__WHAT THE TASK ASKS__
Your output should be the records below, word for word and picture-free.

__DATA UNDER STUDY__
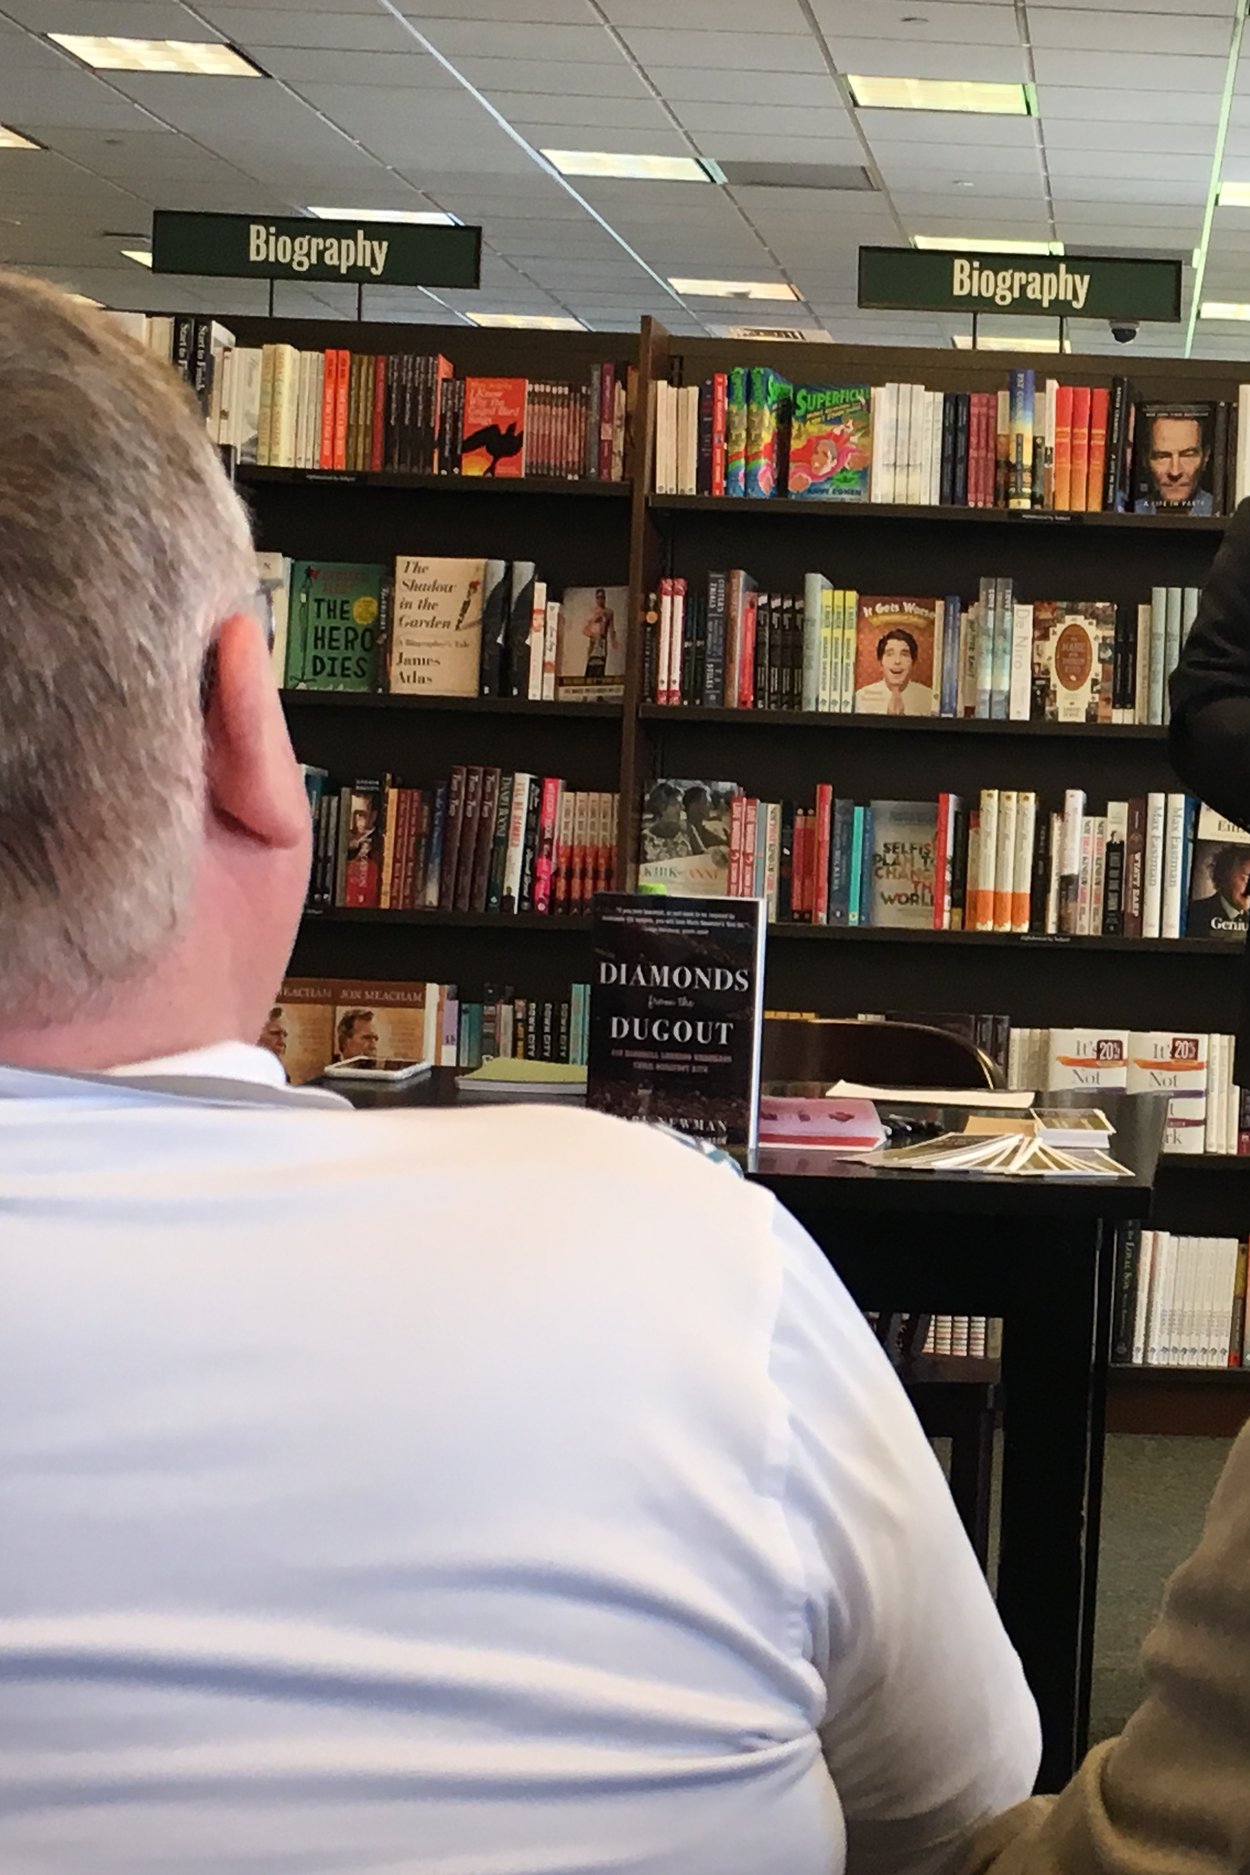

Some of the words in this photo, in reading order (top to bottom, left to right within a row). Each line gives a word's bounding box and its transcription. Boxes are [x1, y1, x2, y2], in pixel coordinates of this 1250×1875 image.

[250, 224, 388, 275] Biography
[953, 259, 1090, 310] Biography
[404, 561, 429, 574] The
[402, 579, 456, 593] Shadow
[314, 598, 350, 620] THE
[400, 597, 413, 610] in
[417, 596, 439, 610] the
[862, 606, 873, 617] It
[874, 602, 900, 614] Gets
[398, 614, 452, 629] Garden
[1016, 608, 1029, 630] De
[314, 626, 374, 652] HERO
[396, 652, 441, 666] James
[1014, 635, 1028, 670] Niro
[312, 655, 368, 678] DIES
[399, 670, 433, 684] Atlas
[1151, 806, 1162, 832] Max
[1172, 807, 1182, 832] Max
[882, 842, 932, 854] SELFIS
[1148, 834, 1162, 886] Eastman
[1168, 836, 1182, 888] Eastman
[912, 880, 932, 894] TH
[1210, 916, 1249, 932] Geniu
[600, 962, 749, 992] DIAMONDS
[281, 986, 332, 998] EACHAM
[340, 988, 361, 1000] JON
[364, 990, 422, 1002] MEACHAM
[648, 994, 676, 1009] from
[678, 996, 694, 1008] the
[528, 1002, 536, 1032] DOWN
[544, 1002, 552, 1033] DOWN
[610, 1016, 733, 1044] DUGOUT
[544, 1034, 552, 1057] CITY
[1153, 1042, 1172, 1060] It'
[1072, 1068, 1100, 1086] Not
[1150, 1070, 1178, 1088] Not
[1165, 1128, 1182, 1144] rk

__OUTPUT BELOW__
Some of the words in this photo, in reading order (top to bottom, left to right within a row). Each line gives a word's bounding box and its transcription. Boxes are [x1, y1, x2, y2], in pixel coordinates of this 1250×1875 image.

[250, 224, 388, 275] Biography
[953, 259, 1090, 310] Biography
[404, 561, 429, 574] The
[402, 579, 456, 593] Shadow
[314, 598, 350, 620] THE
[400, 597, 413, 610] in
[417, 596, 439, 610] the
[862, 606, 873, 617] It
[874, 602, 900, 614] Gets
[398, 614, 452, 629] Garden
[1016, 608, 1029, 630] De
[314, 626, 374, 652] HERO
[396, 652, 441, 666] James
[1014, 635, 1028, 670] Niro
[312, 655, 368, 678] DIES
[399, 670, 433, 684] Atlas
[1151, 806, 1162, 832] Max
[1172, 807, 1182, 832] Max
[882, 842, 932, 854] SELFIS
[1148, 834, 1162, 886] Eastman
[1168, 836, 1182, 888] Eastman
[912, 880, 932, 894] TH
[1210, 916, 1249, 932] Geniu
[600, 962, 749, 992] DIAMONDS
[281, 986, 332, 998] EACHAM
[340, 988, 361, 1000] JON
[364, 990, 422, 1002] MEACHAM
[648, 994, 676, 1009] from
[678, 996, 694, 1008] the
[528, 1002, 536, 1032] DOWN
[544, 1002, 552, 1033] DOWN
[610, 1016, 733, 1044] DUGOUT
[544, 1034, 552, 1057] CITY
[1153, 1042, 1172, 1060] It'
[1072, 1068, 1100, 1086] Not
[1150, 1070, 1178, 1088] Not
[1165, 1128, 1182, 1144] rk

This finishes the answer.